- Exercise input

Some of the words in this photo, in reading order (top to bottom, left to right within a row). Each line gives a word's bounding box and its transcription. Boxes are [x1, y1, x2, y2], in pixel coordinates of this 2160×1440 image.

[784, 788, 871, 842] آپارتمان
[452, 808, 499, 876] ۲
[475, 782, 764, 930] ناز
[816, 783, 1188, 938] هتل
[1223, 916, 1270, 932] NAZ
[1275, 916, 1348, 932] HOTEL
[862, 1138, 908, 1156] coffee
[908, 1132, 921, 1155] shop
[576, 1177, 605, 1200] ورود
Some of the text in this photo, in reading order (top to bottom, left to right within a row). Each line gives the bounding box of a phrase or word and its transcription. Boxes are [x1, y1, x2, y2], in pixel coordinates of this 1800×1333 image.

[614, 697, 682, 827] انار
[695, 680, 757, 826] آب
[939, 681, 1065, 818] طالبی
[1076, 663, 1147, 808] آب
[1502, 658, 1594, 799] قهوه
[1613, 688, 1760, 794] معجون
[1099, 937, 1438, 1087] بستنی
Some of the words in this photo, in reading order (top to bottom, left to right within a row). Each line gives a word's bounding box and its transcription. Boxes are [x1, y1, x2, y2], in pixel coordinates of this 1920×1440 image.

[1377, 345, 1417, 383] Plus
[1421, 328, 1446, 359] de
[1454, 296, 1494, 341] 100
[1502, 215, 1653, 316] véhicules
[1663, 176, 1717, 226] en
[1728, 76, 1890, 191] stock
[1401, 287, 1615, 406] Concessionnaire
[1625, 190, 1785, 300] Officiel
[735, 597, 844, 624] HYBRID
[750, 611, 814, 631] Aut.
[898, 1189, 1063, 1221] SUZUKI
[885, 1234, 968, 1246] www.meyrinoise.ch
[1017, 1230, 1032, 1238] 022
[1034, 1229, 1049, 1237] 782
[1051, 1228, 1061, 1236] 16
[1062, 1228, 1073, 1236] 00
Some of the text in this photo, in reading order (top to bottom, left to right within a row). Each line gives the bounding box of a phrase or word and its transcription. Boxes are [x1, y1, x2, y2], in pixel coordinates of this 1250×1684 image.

- Exercise brief
I'd like the records returned exactly as they were written, please.

- Reply
Some of the words in this photo, in reading order (top to bottom, left to right within a row). Each line gives a word's bounding box and its transcription. Boxes are [x1, y1, x2, y2], in pixel coordinates of this 2160×1440 image.

[784, 788, 871, 842] آپارتمان
[452, 808, 499, 876] ۲
[475, 782, 764, 930] ناز
[816, 783, 1188, 938] هتل
[1223, 916, 1270, 932] NAZ
[1275, 916, 1348, 932] HOTEL
[862, 1138, 908, 1156] coffee
[908, 1132, 921, 1155] shop
[576, 1177, 605, 1200] ورود
Some of the text in this photo, in reading order (top to bottom, left to right within a row). Each line gives the bounding box of a phrase or word and its transcription. Boxes are [x1, y1, x2, y2], in pixel coordinates of this 1800×1333 image.

[614, 697, 682, 827] انار
[695, 680, 757, 826] آب
[939, 681, 1065, 818] طالبی
[1076, 663, 1147, 808] آب
[1502, 658, 1594, 799] قهوه
[1613, 688, 1760, 794] معجون
[1099, 937, 1438, 1087] بستنی
Some of the words in this photo, in reading order (top to bottom, left to right within a row). Each line gives a word's bounding box and its transcription. Boxes are [x1, y1, x2, y2], in pixel coordinates of this 1920×1440 image.

[1377, 345, 1417, 383] Plus
[1421, 328, 1446, 359] de
[1454, 296, 1494, 341] 100
[1502, 215, 1653, 316] véhicules
[1663, 176, 1717, 226] en
[1728, 76, 1890, 191] stock
[1401, 287, 1615, 406] Concessionnaire
[1625, 190, 1785, 300] Officiel
[735, 597, 844, 624] HYBRID
[750, 611, 814, 631] Aut.
[898, 1189, 1063, 1221] SUZUKI
[885, 1234, 968, 1246] www.meyrinoise.ch
[1017, 1230, 1032, 1238] 022
[1034, 1229, 1049, 1237] 782
[1051, 1228, 1061, 1236] 16
[1062, 1228, 1073, 1236] 00
Some of the text in this photo, in reading order (top to bottom, left to right within a row). Each line gives the bounding box of a phrase or word and its transcription. Boxes are [x1, y1, x2, y2], in pixel coordinates of this 1250×1684 image.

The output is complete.